With the exception of tilapia and salmon, all the seafood on Coast's large, varied menu is wild. Pell sources tilapia from Costa Rica and farmed salmon from Tasmania. For wild product Pell relies on multiple seafood purveyors ranging from large companies to local fishermen in Charleston. In summer, those fishermen supply grouper, tuna and snapper, and when those species aren't available 
(typically January through May) they are replaced with golden tilefish from Florida and vermilion snapper. In the summer months, up to 75 percent of the seafood served at Coast is plied from local waters. In winter, local seafood drops to 40 percent of a menu that features 16 species of seafood at any given time.

"As some species have become more regulated we've been trying to focus more on product from this region, like local shrimp, snapper, grouper, tuna and oysters," says Pell, who cut the number of menu items down by 15 percent when he took the helm of Coast's kitchen. "For example, we used to serve Dungeness crab and snow crab, but today we only serve blue crab in our crab cakes, and stone crab, which are harvested locally in South Carolina. The stone crab is particularly sustainable because it's illegal to harvest the whole crab. They catch the crabs, remove one claw and release the crab, which regenerates the claw within four to six weeks."

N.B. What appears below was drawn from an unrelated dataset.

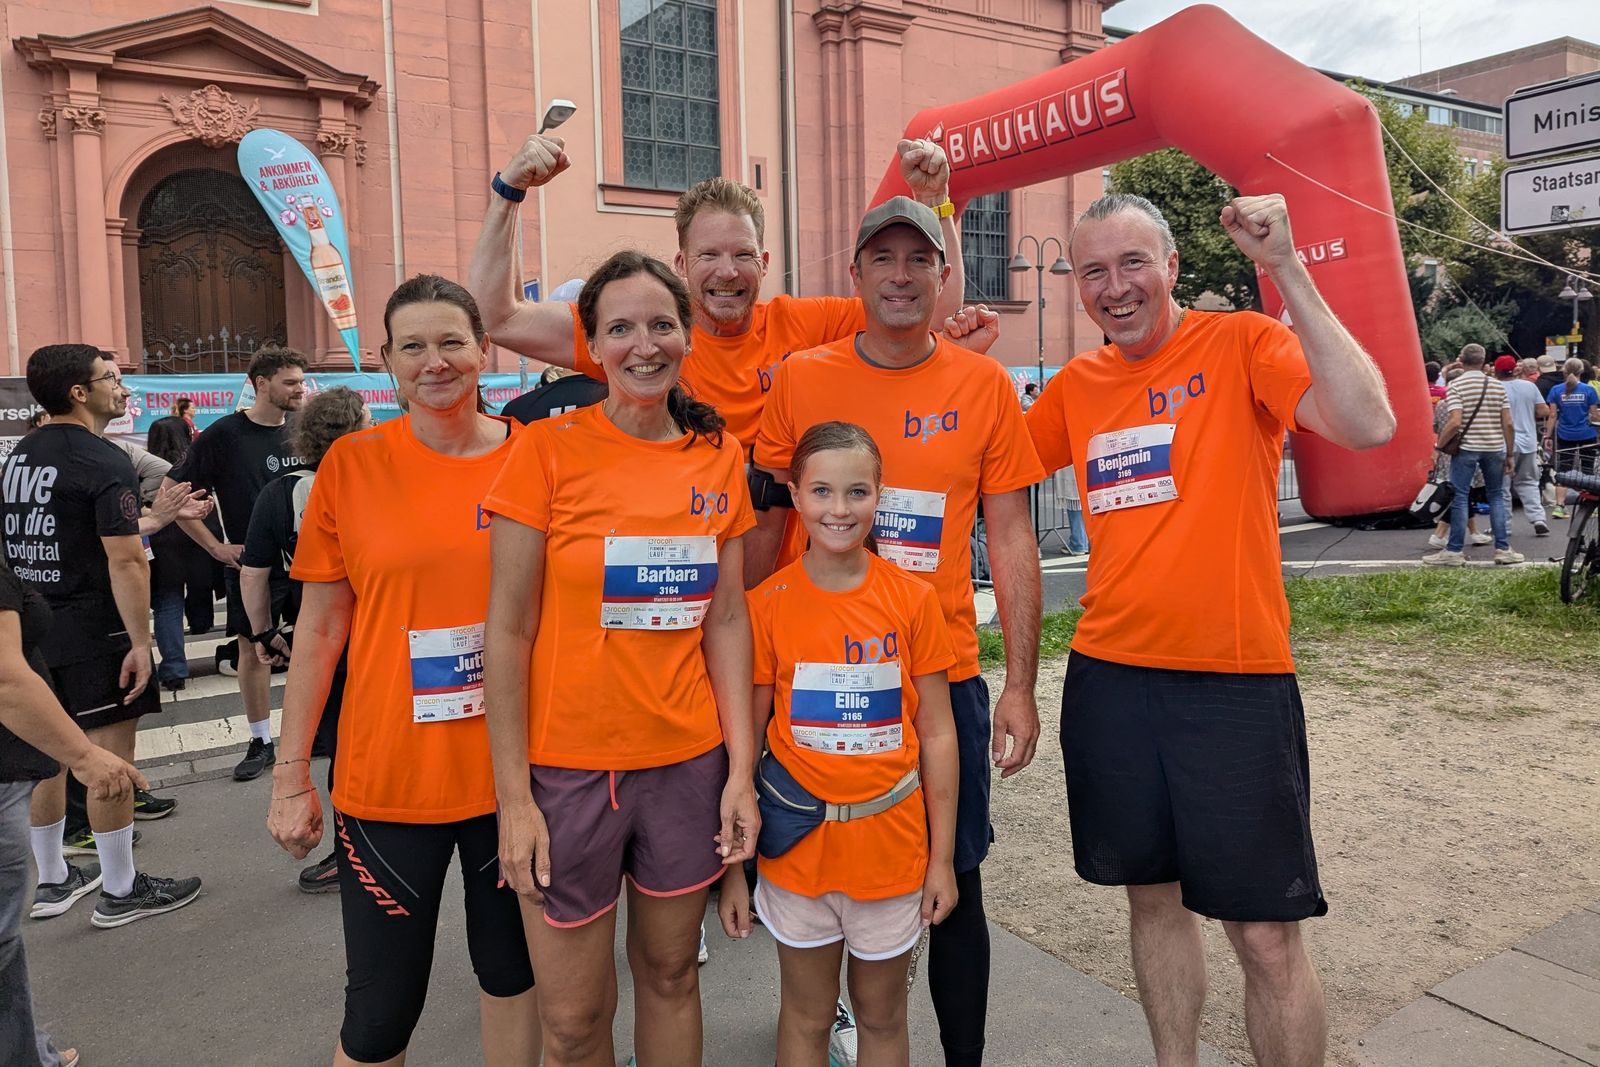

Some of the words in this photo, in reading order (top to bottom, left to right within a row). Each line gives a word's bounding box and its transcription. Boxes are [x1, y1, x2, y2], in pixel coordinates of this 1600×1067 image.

One wall at Coast features a wall mural with a map of all the oceans reflecting the restaurant's culinary concept: to use local ingredients for dishes from all over the world. "We do everything from ceviche to bouillabaisse to wood-grilled fish," 
says Pell, whose preferred cooking technique is French.

He puts those techniques into practice daily at Coast, where one of the most popular French-style dishes is braised grouper served over truffled stoneground grits. Another menu favorite is the mixed grill, a variety of seafood prepared over an oak and hickory burning grill, Coast's centerpiece.

"I'd definitely consider featuring more farmed seafood if it was available in a sustainable form. But I've found that some of the farming techniques don't produce as flavorful a fish.

"As the fisheries become more and more regulated, it will be a necessity. As a chef, I'm not against farm-raised fish as long as it is raised in a proper manner and can maintain a good flavor," says Pell.